Skrat is back with a heavier sound in their fourth album, ‘Bison’
Every Skrat fan knows that ever since 2015, when the band first started playing some of its new material live, this is the day we’ve all been waiting for: the release of their fourth studio album, ‘Bison.’ When it comes to the enthusiasm of their fans, Skrat has always been miles apart from most other acts in the indie scene. While that’s partly thanks to the consistency of their distinct sound, and partly due to the hooks and riffs that get stuck in your head as much as any overplayed song on radio would, they also have another thing going for them: the fact that Skrat is such an amazing live experience, every single time. And the songs on ‘Bison’ are only going to make that experience 10 times better.
But frontman and guitarist Sriram TT, bassist Jhanu Chanthar, and drummer Tapass Naresh are all involved in various different projects, which brings us to the question…don’t they ever get tired? The very first line Sriram tells me at the beginning of our conversation answers this: (screaming) “I’m just about to die. As soon as this album launches, I’m going into hibernation.”
‘Bison’ was released earlier today at midnight. Stream it on the Skrat website.
‘Bison’ was named even before the songs were written
Although you can listen to any song from ‘Bison’ and immediately tell that it’s from Skrat, the songs are evidently darker and more theatrical than the ones on ‘The Queen.’ ‘Bison’ was named and its storyline was mapped out even before the songs were written. “You CANNOT have a soft album called ‘Bison’. It’s a freaking Fortuner-sized vehicle. Plus, there’s Jhanu. The way he approaches music is very different, and this is the first thing we wrote together, from scratch. So [the character of] Bison has really leaked into our songs, the way the sound is, and even the way we play. He [Jhanu] has bought a black-colored bass, which is unheard of, for Jhanu. I thought it’d be like orange, or bright pink.”
Thankfully, instead of abrupt changes in direction like most bands, Skrat has had a smooth transition throughout its last three albums. ‘The Queen’ didn’t completely alienate fans of ‘Bring Out The Big Guns’; there were still light-hearted bops like Choke Broke and Love Rider. In contrast, the closest ‘Bison’ comes to anything light-hearted is the band’s signature groovy riffs on songs like Raptor and Red Ox Hide. “There is no happiness, love and all in ‘Bison.’ Only darkness, destruction and pain,” Sriram says. It would suffice to say that both in a musical and lyrical sense, each album sets the stage for the next one.
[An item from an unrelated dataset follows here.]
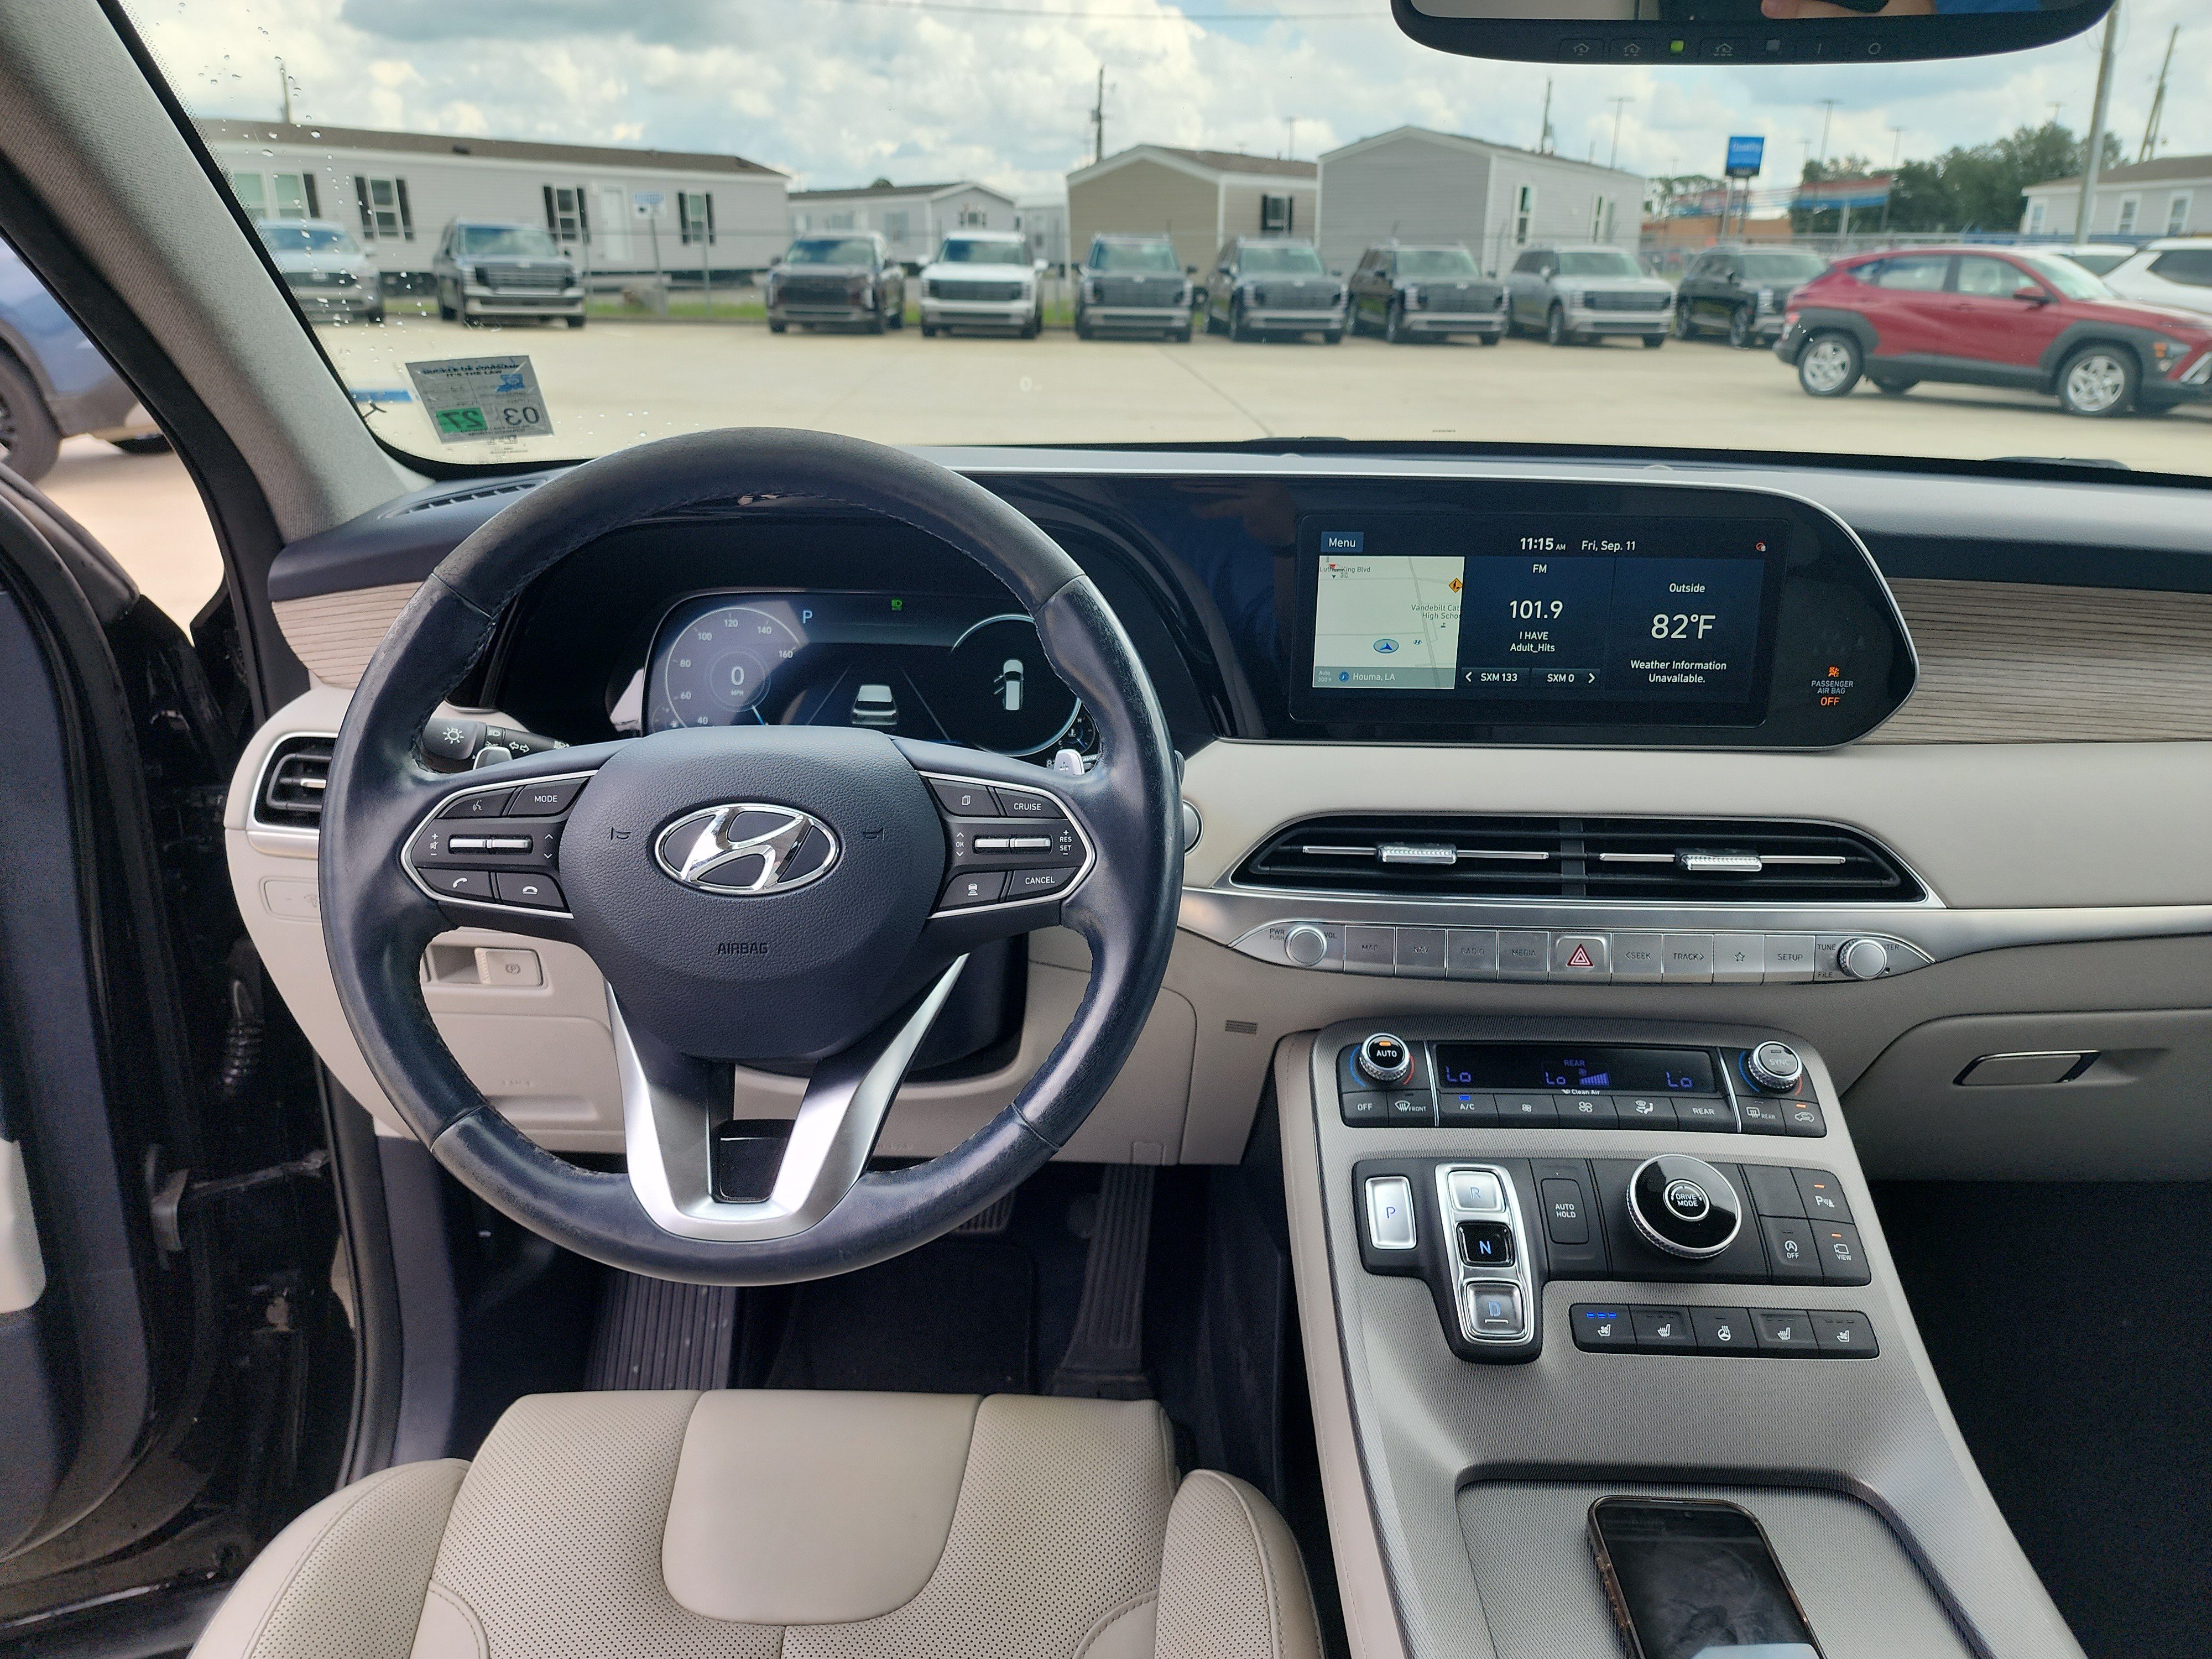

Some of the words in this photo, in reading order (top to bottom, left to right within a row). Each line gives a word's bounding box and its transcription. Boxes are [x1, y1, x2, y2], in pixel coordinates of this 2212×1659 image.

Most of Skrat’s lyrics revolve around characters
“I don’t like writing preachy songs. This is right, this is wrong, whoever does these things are bad people, these are good people, I don’t like you, you don’t like me; fuck that. Even in songs like Samurai [Badass], the whole point was to put everything I wanted to say into that character,” Sriram says. In ‘The Queen,’ the songs were based on the desecration of the human race, drawing parallels to real-life scenarios in songs like Machete and Revolution.
‘Bison’ is about the aftermath, the story of what happens when the Queen is dead or in exile and the whole population is in chaos. The effects trickle down all the way to a little place called Vineyard, and awaken General Bison from his deep slumber. In the form of General Bison and his army (including Raptor, Chaos and Yipikaye), the Skratverse has a fail-safe for the human race which we, in our real world, aren’t fortunate enough to have. “Bison is the villain the world needs. He sort of comes, spanks the humans a little bit, says ‘Find your place, mortal,’ and goes back to sleep.”
Skrat didn’t expect The Queen to be a crowd favorite
When asked about his penchant for writing catchy hooks, Sriram confesses that he isn’t even sure what the crowd would find catchy half the time. “I had no idea that people would like The Queen. I knew everyone would like Stomp and Machete, but I thought The Queen would be like a B-side song that everyone would come to later. We didn’t expect the title track to be a hit. In this album, Bison is the last song, and it’s quite a dark song.”
What comes next
Although Skrat does plan their course as a band, they’re very closed off when it comes to telling people what they’re going to do. “As soon as you announce something, you know it has to happen. But what if it doesn’t? The Loverider Experience wasn’t planned out. We didn’t tell people about it until we started riding,” Sriram says. Even the band wasn’t sure about whether it was going to happen until they realized none of them had booked tickets anywhere. It’d been a spontaneous idea to take a group with them, and the Loverider Experience was born.
There is one thing Sriram’s told us though, and it’s maybe the most important. Fans in Bangalore, sit tight. Following the release of ‘Bison,’ Skrat’s first gig is set to be on October 15th at the Humming Tree.